-- TASK PROMPT --
Below are records to repeat exactly; copy them without the pictures.

(Images for object localization)
-=-=-=-=-

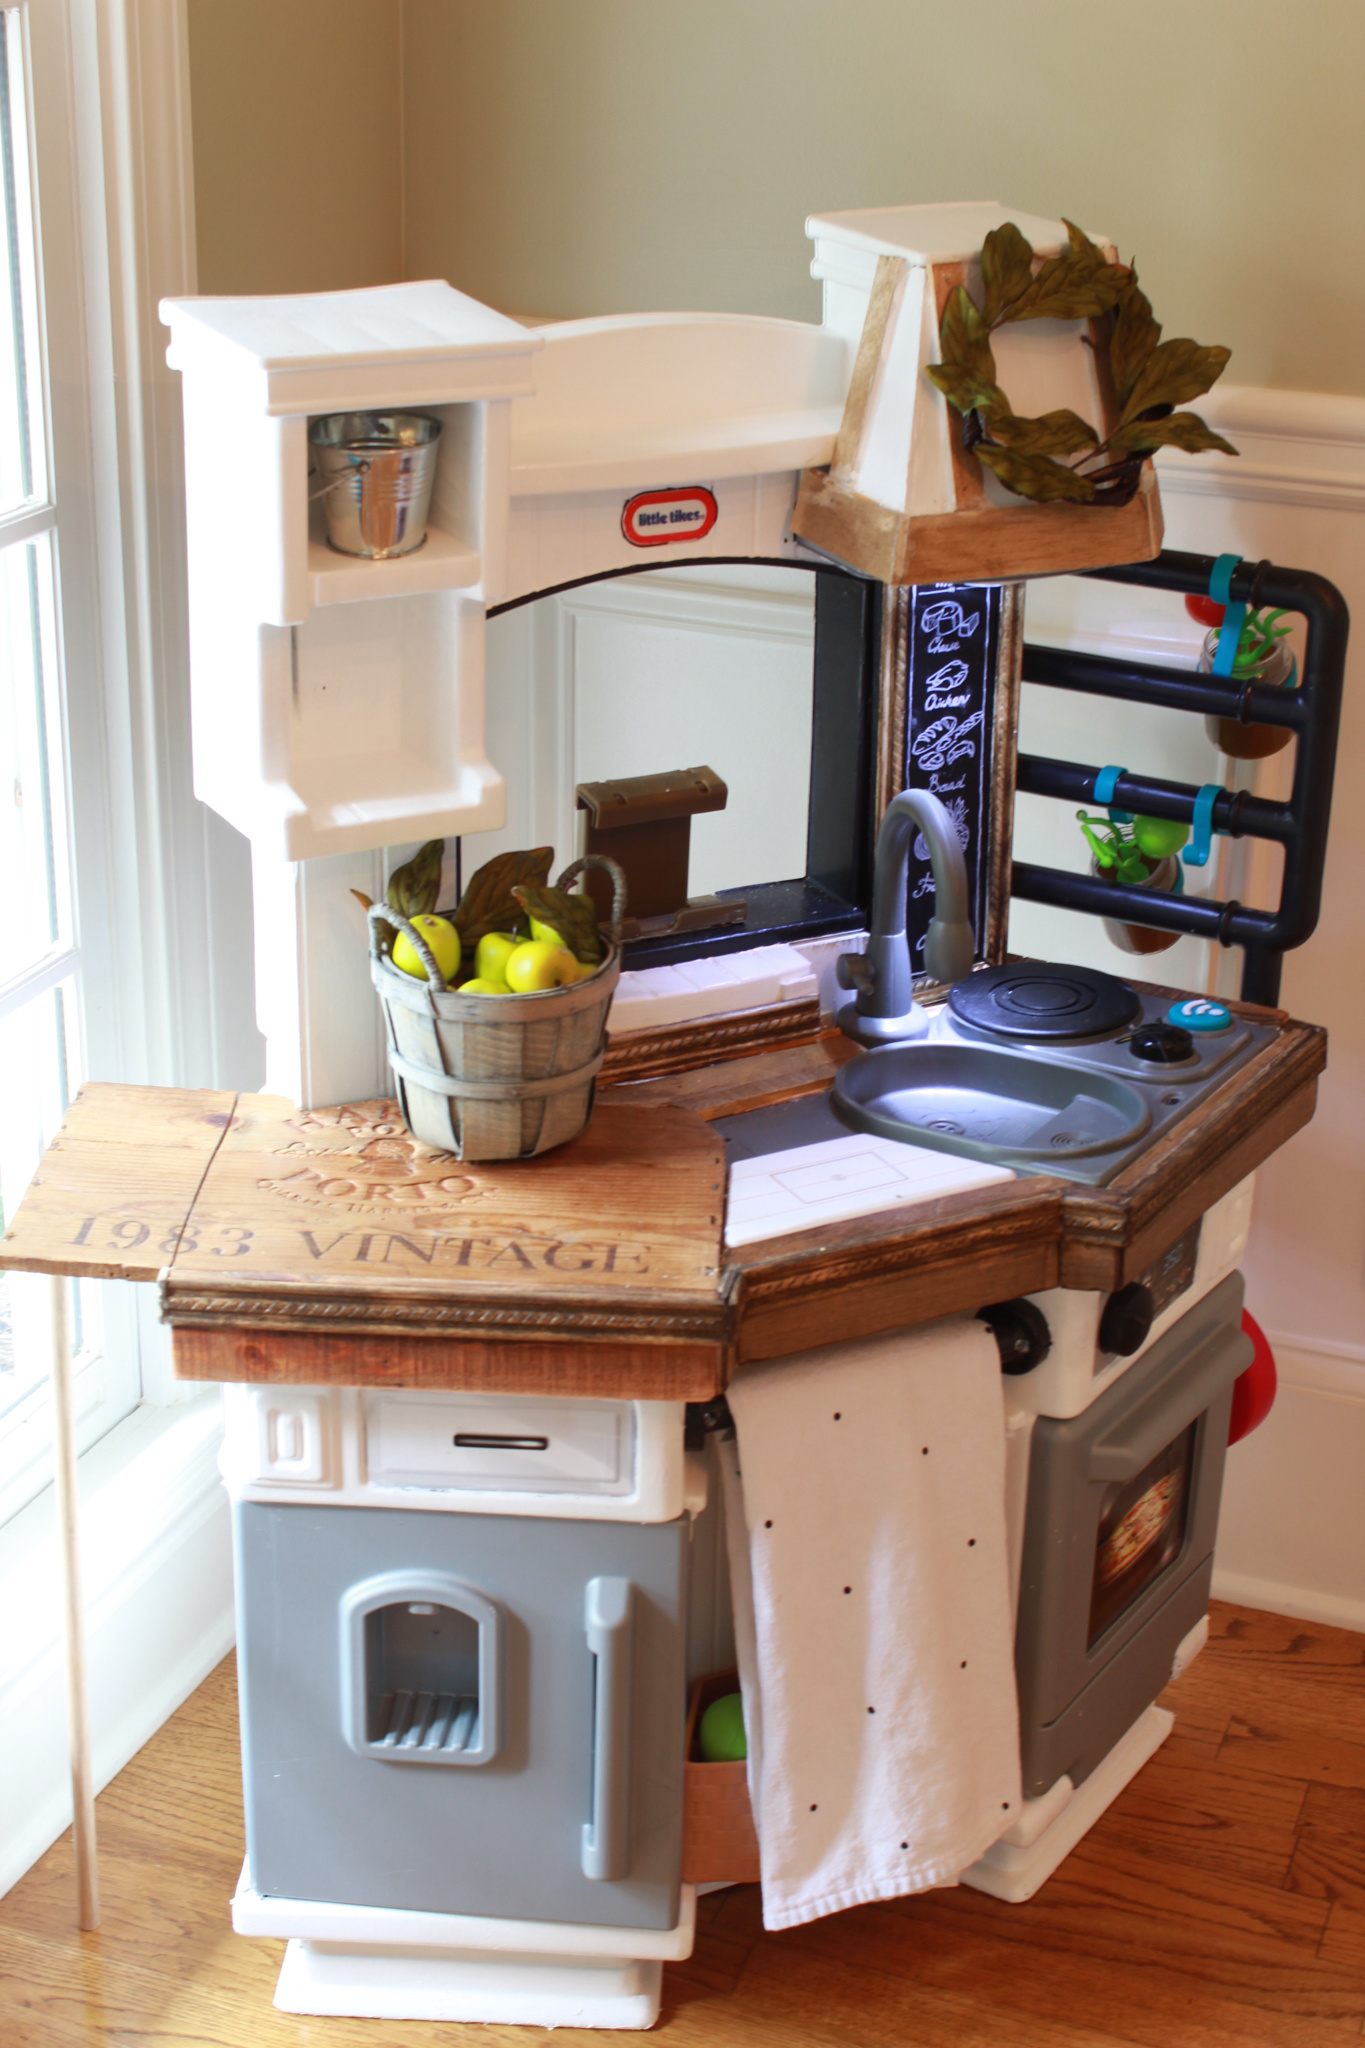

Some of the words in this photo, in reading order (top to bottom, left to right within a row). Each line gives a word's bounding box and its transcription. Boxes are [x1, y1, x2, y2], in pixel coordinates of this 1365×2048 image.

[638, 512, 668, 527] little
[279, 1167, 477, 1201] PORTO
[61, 1216, 254, 1257] 1983
[298, 1230, 652, 1275] VINTAGE

-=-=-=-=-

-- TASK RESPONSE --
Some of the words in this photo, in reading order (top to bottom, left to right within a row). Each line gives a word's bounding box and its transcription. Boxes are [x1, y1, x2, y2], in pixel coordinates of this 1365×2048 image.

[638, 512, 668, 527] little
[279, 1167, 477, 1201] PORTO
[61, 1216, 254, 1257] 1983
[298, 1230, 652, 1275] VINTAGE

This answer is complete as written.